Além do Conflito - Escutar o Sofrimento de Cada Gênero

Homens e mulheres carregam, em seus corpos, gestos e palavras, marcas que não começaram com eles. São histórias atravessadas por silêncios, mandatos inconscientes, modos de amar e sofrer que se repetem geração após geração.

Em tempos em que o embate entre os gêneros se intensifica nas redes sociais — onde acusações cruzadas tomam o lugar da escuta — talvez seja necessário fazer uma pausa e perguntar: de onde vêm essas dores que se chocam?
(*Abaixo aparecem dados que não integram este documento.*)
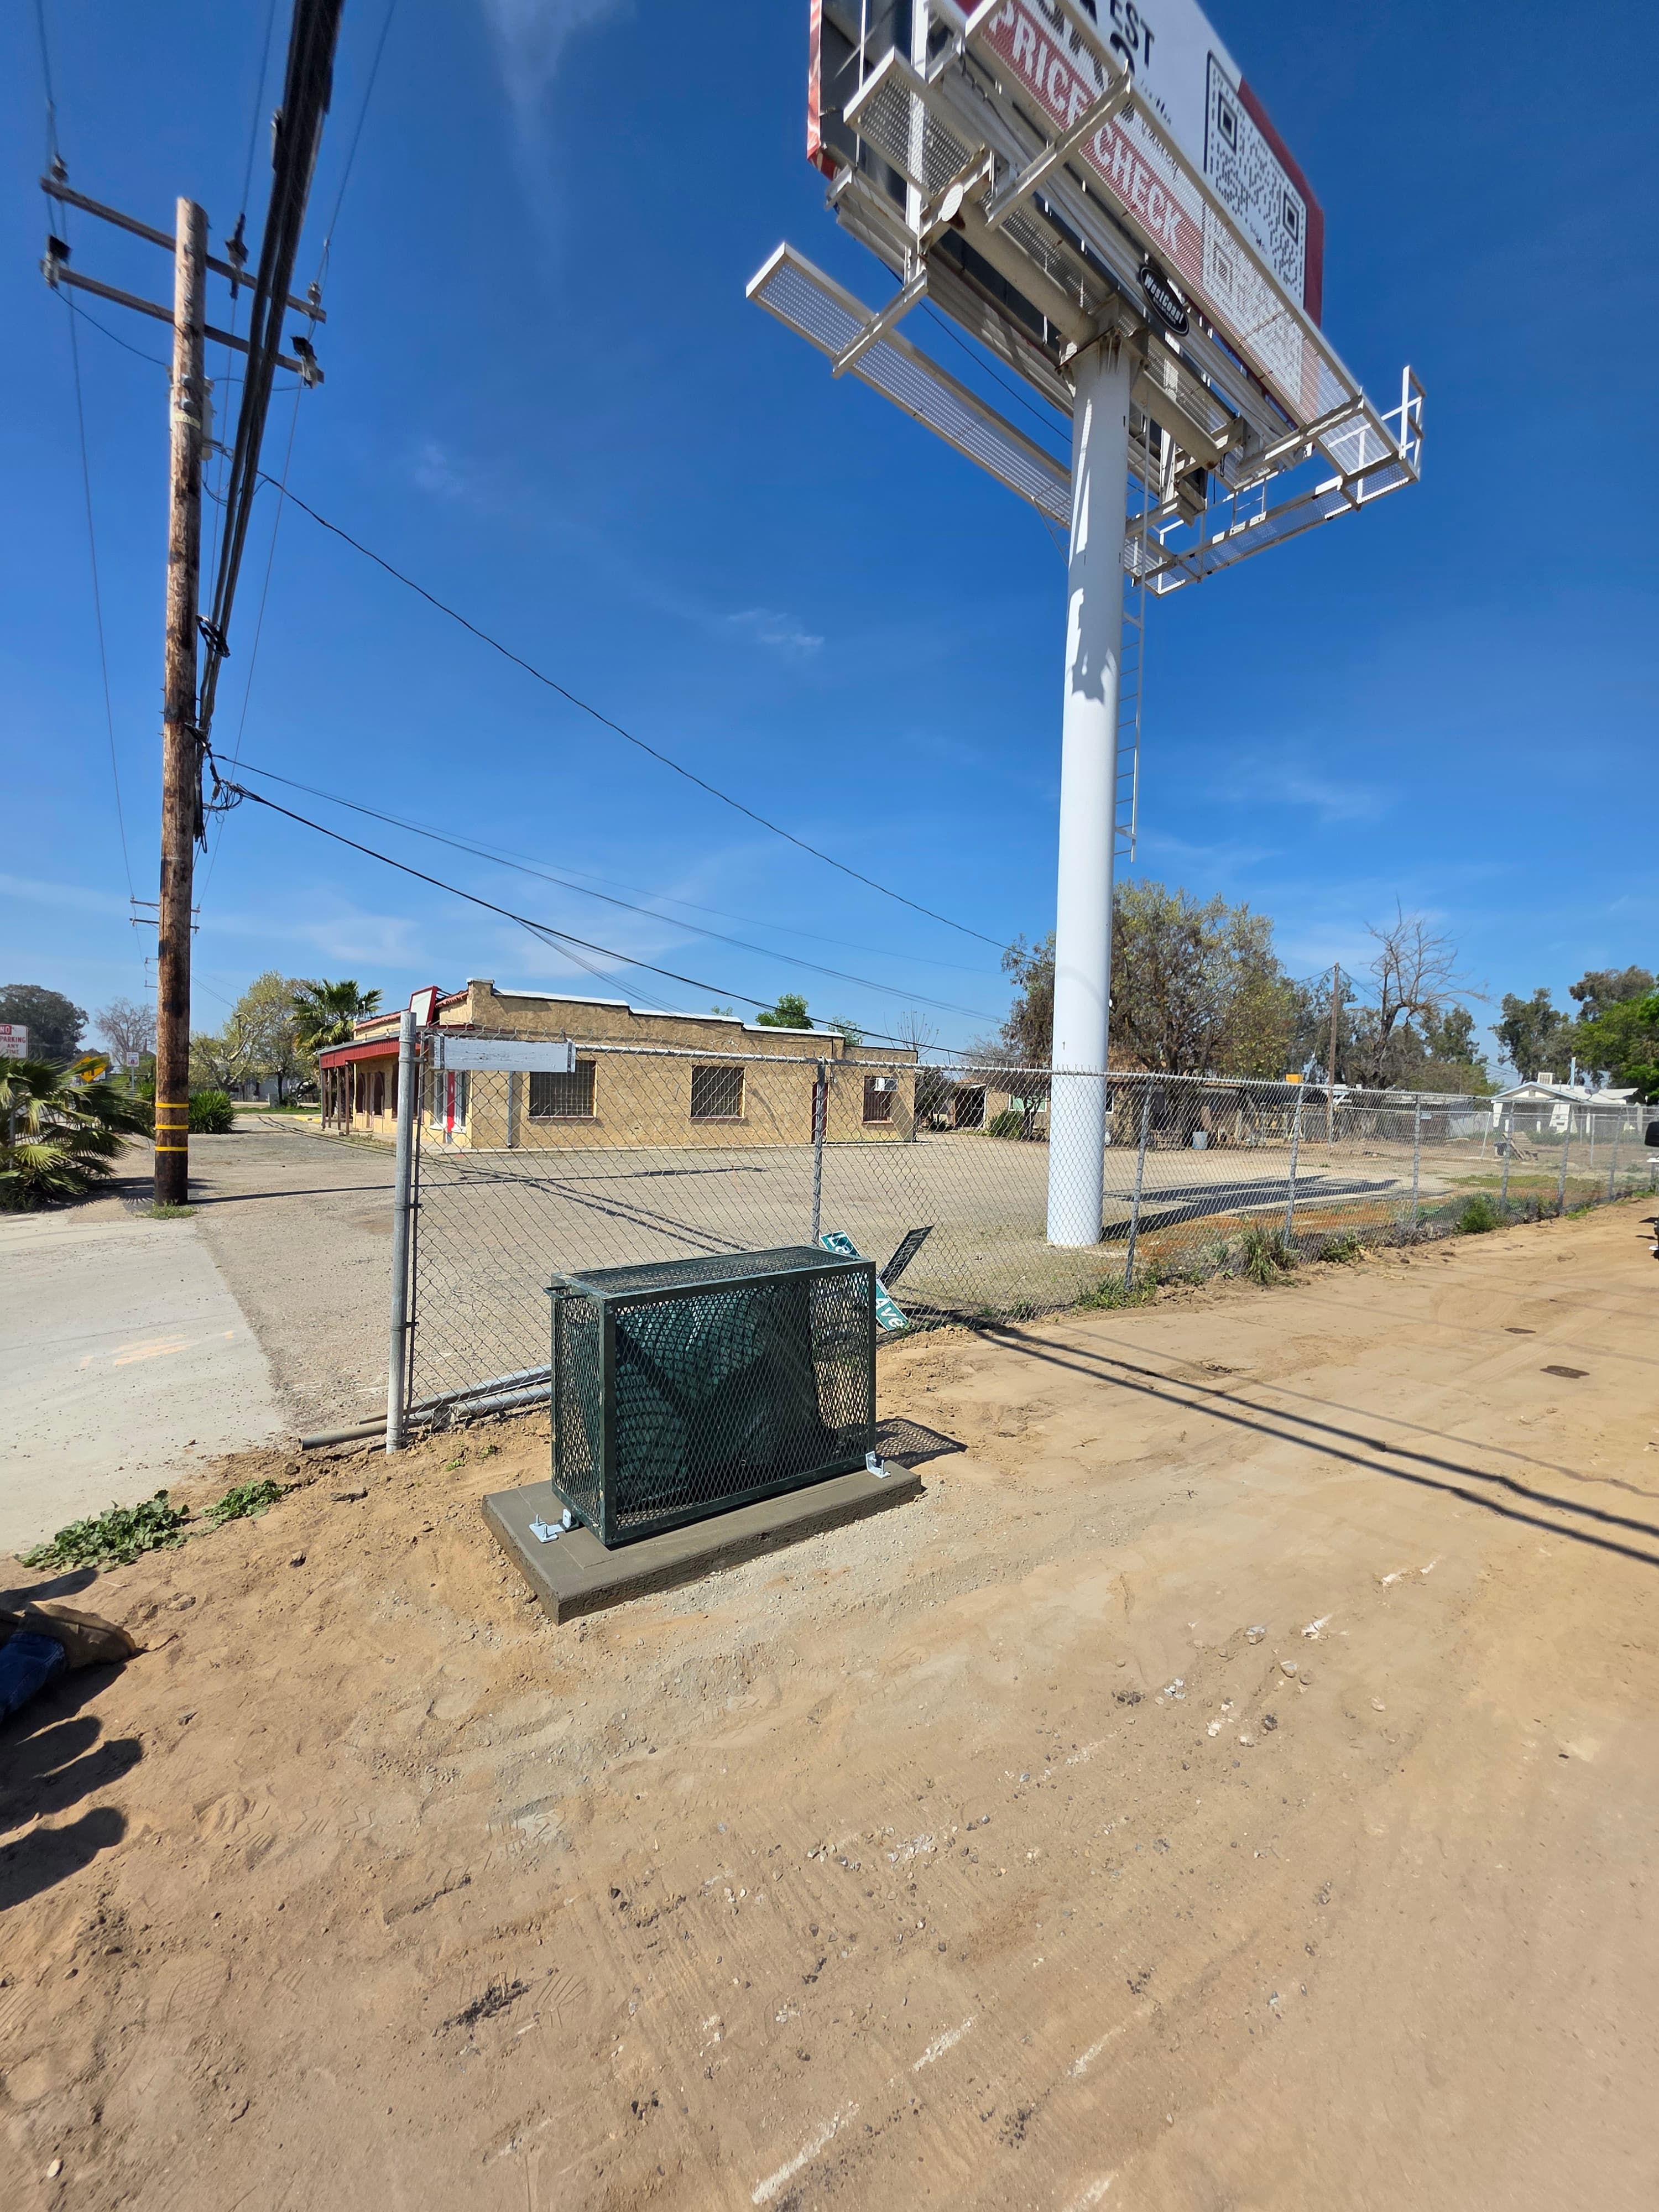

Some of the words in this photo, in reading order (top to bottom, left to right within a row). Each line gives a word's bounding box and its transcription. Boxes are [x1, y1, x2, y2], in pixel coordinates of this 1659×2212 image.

O que hoje se vê nas redes — essa tensão constante, o ruído, a troca de culpas — não nasceu agora. É o sintoma de uma história longa, feita de desencontros, expectativas desmedidas, idealizações e ressentimentos acumulados em camadas. São dores que não se escutam, apenas se enfrentam.

A psicanálise nos convida a olhar para além da superfície. O que se expressa como raiva, desprezo ou indiferença, muitas vezes é o eco de uma ferida antiga:
– do menino que aprendeu que não podia chorar, que precisava ser forte, conter o medo, sufocar o afeto, e se calar diante da dor;
– da menina que aprendeu que precisava agradar, ceder, calar os próprios desejos para merecer afeto e não ser rejeitada.

De um lado, o peso de séculos de silenciamento do feminino — a exaustão de quem precisou suportar, se adaptar, se desdobrar para dar conta de tudo e de todos.
Do outro, a rigidez do masculino — a limitação emocional de quem foi ensinado a não sentir, a não precisar, a não falhar.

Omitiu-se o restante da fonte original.